Operating a benefit fleet for its employees, Microsoft leases roughly 9,200 cars across nearly 50 countries. Managing the company’s vehicles in 10 of these European countries including Germany, Austria and Switzerland is Michael Pohl, senior procurement engagement manager fleet at Microsoft.

In the early stages of the COVID-19 pandemic, Pohl’s team received advice that vehicle orders should go on hold, but this was not the path he chose. ‘I remember saying, if everything is piling up, I want to be on top of the pile. We agreed that we are not going to stop anything. We continue to order cars, as well as possible. Within the limitations of operations in spring of this year,’ he said.

‘The only thing we did was to give the employees more time, because it was not possible for them to do test drives, for example. They need more time to figure out what type of car they want to drive in the future,’ Pohl explained.

Looking back, it is not a decision Pohl regrets for a moment. As production lines became operational, Microsoft orders were fulfilled with a shorter lead time, compared to the companies who decided to go on hold.

Looking forward, Pohl explained that COVID-19 is not the death of the company car, it is in fact far from it. ‘Since COVID, people have realised that having a company car gives you an incredible freedom,’ he said. These vehicles open up the potential for commutes without public transport, holidays without aeroplanes, and freedom without compromise.’

Right strategy for tomorrow

The coronavirus crisis has taken so much. It has taken lives and it has taken livelihoods. But it did provide one thing; time. As automotive production paused, distribution dried up and sales stopped, Alain Duez and Wim Buzzi used their time in lockdown to found a new company; let it fleet.

Drawing on their combined 45 years’ worth of experience in the automotive industry, the pair built the company on the pillars of people, procurement and process. Driven by a desire to approach vehicle supply from a customer perspective, let it fleet aims to create customised support that addresses every element of fleet management. This covers a wide gambit from policy assessment, to contract management and recruitment support.

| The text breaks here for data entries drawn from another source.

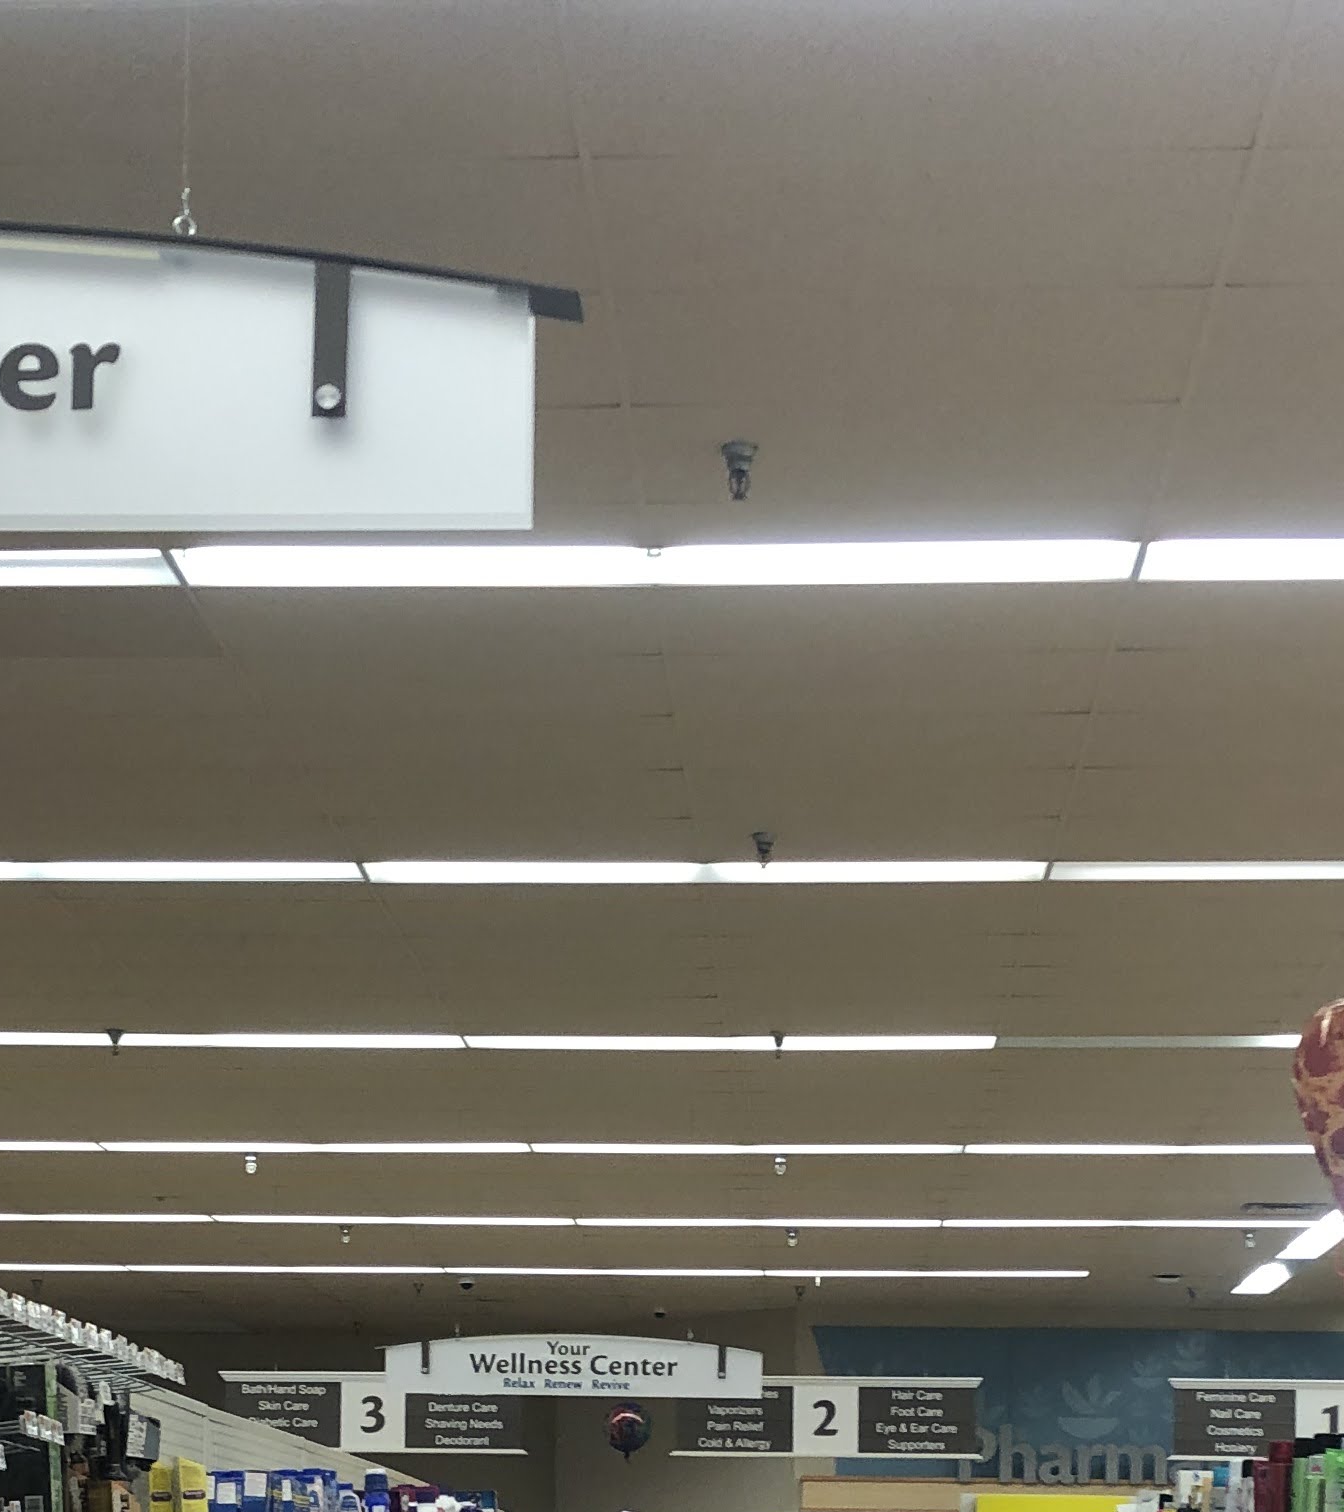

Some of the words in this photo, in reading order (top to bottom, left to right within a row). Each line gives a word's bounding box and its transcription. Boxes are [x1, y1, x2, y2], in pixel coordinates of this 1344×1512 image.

[547, 1341, 591, 1357] Your
[469, 1353, 582, 1376] Wellness
[590, 1355, 678, 1377] Center
[503, 1378, 535, 1389] Relax
[544, 1379, 582, 1390] Renew
[591, 1379, 630, 1390] Revive
[298, 1384, 326, 1397] Soap
[891, 1390, 915, 1400] Hair
[917, 1390, 943, 1400] Care
[1196, 1391, 1246, 1402] Feminine
[1248, 1392, 1276, 1403] Care
[258, 1400, 280, 1411] Skin
[283, 1400, 309, 1411] Care
[428, 1402, 469, 1413] Denture
[471, 1402, 498, 1413] Care
[708, 1405, 763, 1417] Vaporizers
[360, 1395, 386, 1433] 3
[813, 1400, 839, 1436] 2
[890, 1407, 914, 1417] Foot
[917, 1407, 943, 1417] Care
[1210, 1409, 1232, 1419] Nail
[1234, 1409, 1261, 1419] Care
[292, 1417, 318, 1428] Care
[425, 1418, 468, 1431] Shaving
[469, 1418, 503, 1430] Needs
[1321, 1405, 1339, 1434] 1
[707, 1420, 731, 1431] Pain
[733, 1421, 763, 1432] Relief
[876, 1423, 897, 1435] Eye
[899, 1423, 908, 1433] &
[910, 1423, 930, 1433] Ear
[931, 1423, 958, 1434] Care
[1206, 1425, 1264, 1437] Cosmetics
[435, 1435, 490, 1446] Deodorant
[698, 1437, 723, 1448] Cold
[725, 1438, 734, 1448] &
[735, 1438, 772, 1450] Allergy
[888, 1440, 946, 1451] Supporters

As Duez and Buzzi established their new venture amid the pandemic, others in the automotive and fleet industry also had time to reflect. ‘Coronavirus right now has meant that a lot of companies have time,’ explained Buzzi. ‘They had frozen their car orders or extended their contracts because nobody is driving. And it gave them time to look at things.’

COVID-19 has meant the restructuring of fleet strategies. At present, liquidity remains at the top of the agenda while leasing costs mount. New-car sales have plummeted while lead times increase and manufacturers wrestle with their supply chains. Looking down the road, the company car faces a new world with the likes of more home-based working and the tightening of purse strings.

‘So, the way we will use a car will be totally different in the next few months, maybe even in the next few years. There are a lot of things that will be changing around,’ Duez said. ‘So, I think that we need to anticipate as much as possible for clients, to put in place the right strategy for tomorrow,’ he added.

COVID-19 has acted as a sudden catalyst for change when it comes to fleets. How vehicles are sourced, managed and operated. But the immediacy of the pandemic’s impact has acted as a trojan horse for a change that looks to tectonic. The age of electromobility has arrived, and the automotive industry is plugging in.